Si tiene este bit de información, junto con el tamaño de la muestra y la desviación estándar, puede calcular el nivel de confianza utilizando la siguiente fórmula:
Z = 0.5 × tamaño del intervalo de confianza × √norte / s
El tamaño del intervalo de confianza es solo el doble del valor ±, por lo que en el ejemplo anterior, sabemos 0,5 veces que esto es 1,86. Esto da:
Z = 1.86 × √1000 / 30 = 1.96
Esto nos da un valor para Z, que puedes buscar en un Z-tabla de puntuación para encontrar el nivel de confianza correspondiente.
Cálculo de intervalos de confianza para muestras pequeñas
Para muestras pequeñas, existe un proceso similar para calcular el intervalo de confianza. Primero, reste 1 del tamaño de su muestra para encontrar sus "grados de libertad". En símbolos:
df = norte −1
Para una muestra norte = 10, esto da df = 9.
Encuentre su valor alfa restando la versión decimal del nivel de confianza (es decir, su porcentaje de nivel de confianza dividido por 100) de 1 y dividiendo el resultado por 2, o en símbolos:
α = (1 - nivel de confianza decimal) / 2
Entonces, para un nivel de confianza del 95 por ciento (0.95):
α = (1 – 0.95) / 2 = 0.05 / 2 = 0.025
Busque su valor alfa y grados de libertad en una (una cola) t tabla de distribución y tome nota del resultado.
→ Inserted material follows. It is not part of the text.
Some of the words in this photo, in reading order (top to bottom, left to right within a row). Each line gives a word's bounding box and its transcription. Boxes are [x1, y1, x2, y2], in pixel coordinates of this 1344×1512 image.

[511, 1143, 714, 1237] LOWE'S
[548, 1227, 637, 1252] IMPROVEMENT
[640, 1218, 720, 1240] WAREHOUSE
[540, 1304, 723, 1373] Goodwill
Alternativamente, omita la división por 2 anterior y use una cola doble t valor. En este ejemplo, el resultado es 2.262.
Como en el paso anterior, calcule el intervalo de confianza multiplicando este número por el error estándar, que se determina utilizando la desviación estándar de la muestra y el tamaño de la muestra de la misma manera. La única diferencia es que en lugar de la Z puntuación, usas el t Puntuación.